The PhabPro2 costs $499 and is available in the US starting today.
To give you a bit of an education on what Tango is, it is an AR platform that uses computer vision to give devices the ability to understand their position relative to the world around them. In even simpler words, consider it simpler to how you use your eyes to detect objects around you, find your way or locate yourselves on a certain location. That’s pretty much Tango.
Google’s Tango is currently targeting three core technology areas — Motion tracking, Area Learning and Depth Perception. Motion tracking allows a device to understand position and orientation using Tango’s custom sensors. For area learning, Tango system devices can perceive objects around them to help recognize the world around them. And the depth sensors integrated into the system, let you know the shape of the world around you.

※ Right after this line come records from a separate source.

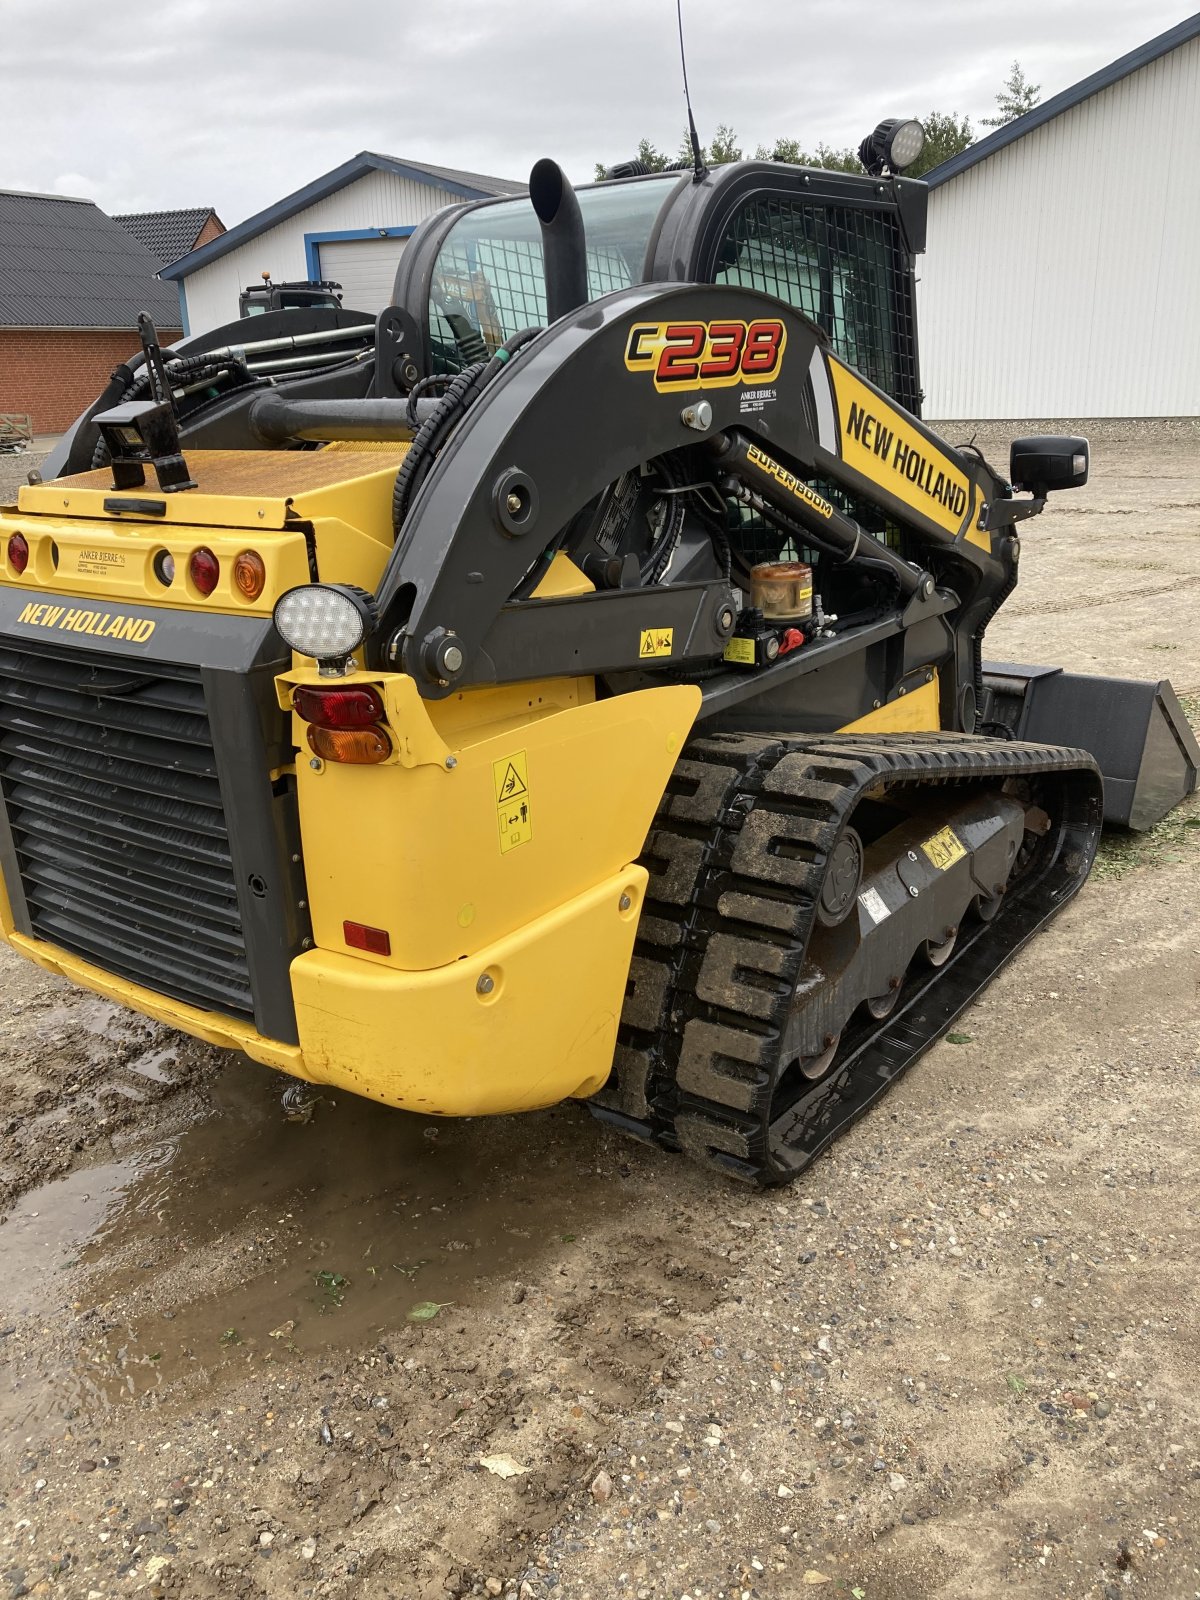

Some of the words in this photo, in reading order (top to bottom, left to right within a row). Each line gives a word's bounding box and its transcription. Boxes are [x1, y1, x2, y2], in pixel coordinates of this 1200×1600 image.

[627, 322, 783, 383] C238
[846, 401, 894, 462] NEW
[892, 438, 967, 518] HOLLAND
[79, 550, 98, 560] ANKER
[17, 602, 66, 627] NEW
[58, 608, 156, 643] HOLLAND

Tango is debuting with 35 applications so far, with a mix of both gaming and non-gaming apps. Since AR has been primarily been deployed in gaming so far, a lot of this 3 Tango applications are focused towards that genre. Having said that, there are a bunch of really cool, advanced non-gaming app, with their developers trying their best too utilise all of Tango’s sensing abilities.
For example, Matterport’s Scenes app lets you capture real-life scenes in digital 3D. You can use your Tango-enabled smartphone to view, measure and share, scan small spaces or objects and take the 3D models with you everywhere. You can access all the measurements you need, while you go. In fact, the app lets you measure any point-to-point dimension precisely or even use 3D trim to crop objects of interest.
There are a bunch of other cool apps as well, which you can try once you get your hands on a Tango-enabled device. The launch this time is highly limited, but you can expect the Tango system to land on multiple Android devices soon.